Exercise description -
Can you reproduce the data beneath, keeping every line exact?

(Data for this exercise)

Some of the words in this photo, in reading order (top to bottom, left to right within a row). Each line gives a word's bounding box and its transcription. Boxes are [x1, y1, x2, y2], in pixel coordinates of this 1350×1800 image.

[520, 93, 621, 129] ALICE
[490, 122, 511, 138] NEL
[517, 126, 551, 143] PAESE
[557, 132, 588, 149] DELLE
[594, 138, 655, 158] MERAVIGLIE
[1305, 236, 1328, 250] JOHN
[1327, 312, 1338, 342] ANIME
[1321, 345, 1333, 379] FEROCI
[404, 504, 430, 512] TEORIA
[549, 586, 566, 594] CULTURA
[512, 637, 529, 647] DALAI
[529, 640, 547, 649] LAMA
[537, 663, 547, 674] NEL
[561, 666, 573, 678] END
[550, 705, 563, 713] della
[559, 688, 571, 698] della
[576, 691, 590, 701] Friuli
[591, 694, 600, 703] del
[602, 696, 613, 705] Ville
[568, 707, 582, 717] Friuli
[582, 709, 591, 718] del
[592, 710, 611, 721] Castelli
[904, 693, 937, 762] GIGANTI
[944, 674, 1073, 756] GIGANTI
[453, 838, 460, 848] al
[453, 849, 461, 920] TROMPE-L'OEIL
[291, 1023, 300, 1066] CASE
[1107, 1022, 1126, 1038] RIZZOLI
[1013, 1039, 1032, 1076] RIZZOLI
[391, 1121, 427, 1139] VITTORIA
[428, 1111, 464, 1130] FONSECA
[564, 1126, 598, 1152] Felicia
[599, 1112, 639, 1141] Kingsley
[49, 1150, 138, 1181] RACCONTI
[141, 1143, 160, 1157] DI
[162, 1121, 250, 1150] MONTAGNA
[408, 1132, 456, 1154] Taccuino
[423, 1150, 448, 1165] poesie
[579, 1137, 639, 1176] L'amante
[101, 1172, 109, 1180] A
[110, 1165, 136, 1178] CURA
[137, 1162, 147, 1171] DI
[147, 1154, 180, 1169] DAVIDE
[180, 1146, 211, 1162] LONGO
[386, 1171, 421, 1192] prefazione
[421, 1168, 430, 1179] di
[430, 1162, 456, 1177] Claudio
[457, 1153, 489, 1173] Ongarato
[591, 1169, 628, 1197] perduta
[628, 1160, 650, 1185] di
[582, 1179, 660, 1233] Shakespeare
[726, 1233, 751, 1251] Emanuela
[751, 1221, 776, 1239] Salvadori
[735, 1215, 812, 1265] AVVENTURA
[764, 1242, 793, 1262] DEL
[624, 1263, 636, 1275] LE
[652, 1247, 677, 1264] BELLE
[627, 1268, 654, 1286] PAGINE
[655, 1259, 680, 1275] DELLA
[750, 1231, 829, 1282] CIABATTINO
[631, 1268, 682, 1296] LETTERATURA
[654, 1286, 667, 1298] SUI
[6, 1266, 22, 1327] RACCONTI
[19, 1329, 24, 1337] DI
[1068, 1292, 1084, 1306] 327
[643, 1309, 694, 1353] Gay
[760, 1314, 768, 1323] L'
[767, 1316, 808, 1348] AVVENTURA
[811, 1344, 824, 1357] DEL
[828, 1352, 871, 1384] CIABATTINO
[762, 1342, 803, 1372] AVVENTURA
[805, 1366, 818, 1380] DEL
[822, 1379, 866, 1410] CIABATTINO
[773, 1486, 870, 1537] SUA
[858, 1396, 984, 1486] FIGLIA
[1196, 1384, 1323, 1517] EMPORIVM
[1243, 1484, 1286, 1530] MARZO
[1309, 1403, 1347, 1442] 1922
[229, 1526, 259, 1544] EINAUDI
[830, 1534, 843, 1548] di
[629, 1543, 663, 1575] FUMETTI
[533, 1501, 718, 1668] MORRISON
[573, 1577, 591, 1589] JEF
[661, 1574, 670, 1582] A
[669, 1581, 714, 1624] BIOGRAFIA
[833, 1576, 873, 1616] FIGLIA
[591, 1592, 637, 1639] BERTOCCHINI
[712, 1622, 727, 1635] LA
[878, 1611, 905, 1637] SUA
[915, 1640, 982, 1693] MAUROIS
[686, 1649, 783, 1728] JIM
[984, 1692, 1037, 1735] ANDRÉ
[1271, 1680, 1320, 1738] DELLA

(End Data for this exercise)

Reply -
Some of the words in this photo, in reading order (top to bottom, left to right within a row). Each line gives a word's bounding box and its transcription. Boxes are [x1, y1, x2, y2], in pixel coordinates of this 1350×1800 image.

[520, 93, 621, 129] ALICE
[490, 122, 511, 138] NEL
[517, 126, 551, 143] PAESE
[557, 132, 588, 149] DELLE
[594, 138, 655, 158] MERAVIGLIE
[1305, 236, 1328, 250] JOHN
[1327, 312, 1338, 342] ANIME
[1321, 345, 1333, 379] FEROCI
[404, 504, 430, 512] TEORIA
[549, 586, 566, 594] CULTURA
[512, 637, 529, 647] DALAI
[529, 640, 547, 649] LAMA
[537, 663, 547, 674] NEL
[561, 666, 573, 678] END
[550, 705, 563, 713] della
[559, 688, 571, 698] della
[576, 691, 590, 701] Friuli
[591, 694, 600, 703] del
[602, 696, 613, 705] Ville
[568, 707, 582, 717] Friuli
[582, 709, 591, 718] del
[592, 710, 611, 721] Castelli
[904, 693, 937, 762] GIGANTI
[944, 674, 1073, 756] GIGANTI
[453, 838, 460, 848] al
[453, 849, 461, 920] TROMPE-L'OEIL
[291, 1023, 300, 1066] CASE
[1107, 1022, 1126, 1038] RIZZOLI
[1013, 1039, 1032, 1076] RIZZOLI
[391, 1121, 427, 1139] VITTORIA
[428, 1111, 464, 1130] FONSECA
[564, 1126, 598, 1152] Felicia
[599, 1112, 639, 1141] Kingsley
[49, 1150, 138, 1181] RACCONTI
[141, 1143, 160, 1157] DI
[162, 1121, 250, 1150] MONTAGNA
[408, 1132, 456, 1154] Taccuino
[423, 1150, 448, 1165] poesie
[579, 1137, 639, 1176] L'amante
[101, 1172, 109, 1180] A
[110, 1165, 136, 1178] CURA
[137, 1162, 147, 1171] DI
[147, 1154, 180, 1169] DAVIDE
[180, 1146, 211, 1162] LONGO
[386, 1171, 421, 1192] prefazione
[421, 1168, 430, 1179] di
[430, 1162, 456, 1177] Claudio
[457, 1153, 489, 1173] Ongarato
[591, 1169, 628, 1197] perduta
[628, 1160, 650, 1185] di
[582, 1179, 660, 1233] Shakespeare
[726, 1233, 751, 1251] Emanuela
[751, 1221, 776, 1239] Salvadori
[735, 1215, 812, 1265] AVVENTURA
[764, 1242, 793, 1262] DEL
[624, 1263, 636, 1275] LE
[652, 1247, 677, 1264] BELLE
[627, 1268, 654, 1286] PAGINE
[655, 1259, 680, 1275] DELLA
[750, 1231, 829, 1282] CIABATTINO
[631, 1268, 682, 1296] LETTERATURA
[654, 1286, 667, 1298] SUI
[6, 1266, 22, 1327] RACCONTI
[19, 1329, 24, 1337] DI
[1068, 1292, 1084, 1306] 327
[643, 1309, 694, 1353] Gay
[760, 1314, 768, 1323] L'
[767, 1316, 808, 1348] AVVENTURA
[811, 1344, 824, 1357] DEL
[828, 1352, 871, 1384] CIABATTINO
[762, 1342, 803, 1372] AVVENTURA
[805, 1366, 818, 1380] DEL
[822, 1379, 866, 1410] CIABATTINO
[773, 1486, 870, 1537] SUA
[858, 1396, 984, 1486] FIGLIA
[1196, 1384, 1323, 1517] EMPORIVM
[1243, 1484, 1286, 1530] MARZO
[1309, 1403, 1347, 1442] 1922
[229, 1526, 259, 1544] EINAUDI
[830, 1534, 843, 1548] di
[629, 1543, 663, 1575] FUMETTI
[533, 1501, 718, 1668] MORRISON
[573, 1577, 591, 1589] JEF
[661, 1574, 670, 1582] A
[669, 1581, 714, 1624] BIOGRAFIA
[833, 1576, 873, 1616] FIGLIA
[591, 1592, 637, 1639] BERTOCCHINI
[712, 1622, 727, 1635] LA
[878, 1611, 905, 1637] SUA
[915, 1640, 982, 1693] MAUROIS
[686, 1649, 783, 1728] JIM
[984, 1692, 1037, 1735] ANDRÉ
[1271, 1680, 1320, 1738] DELLA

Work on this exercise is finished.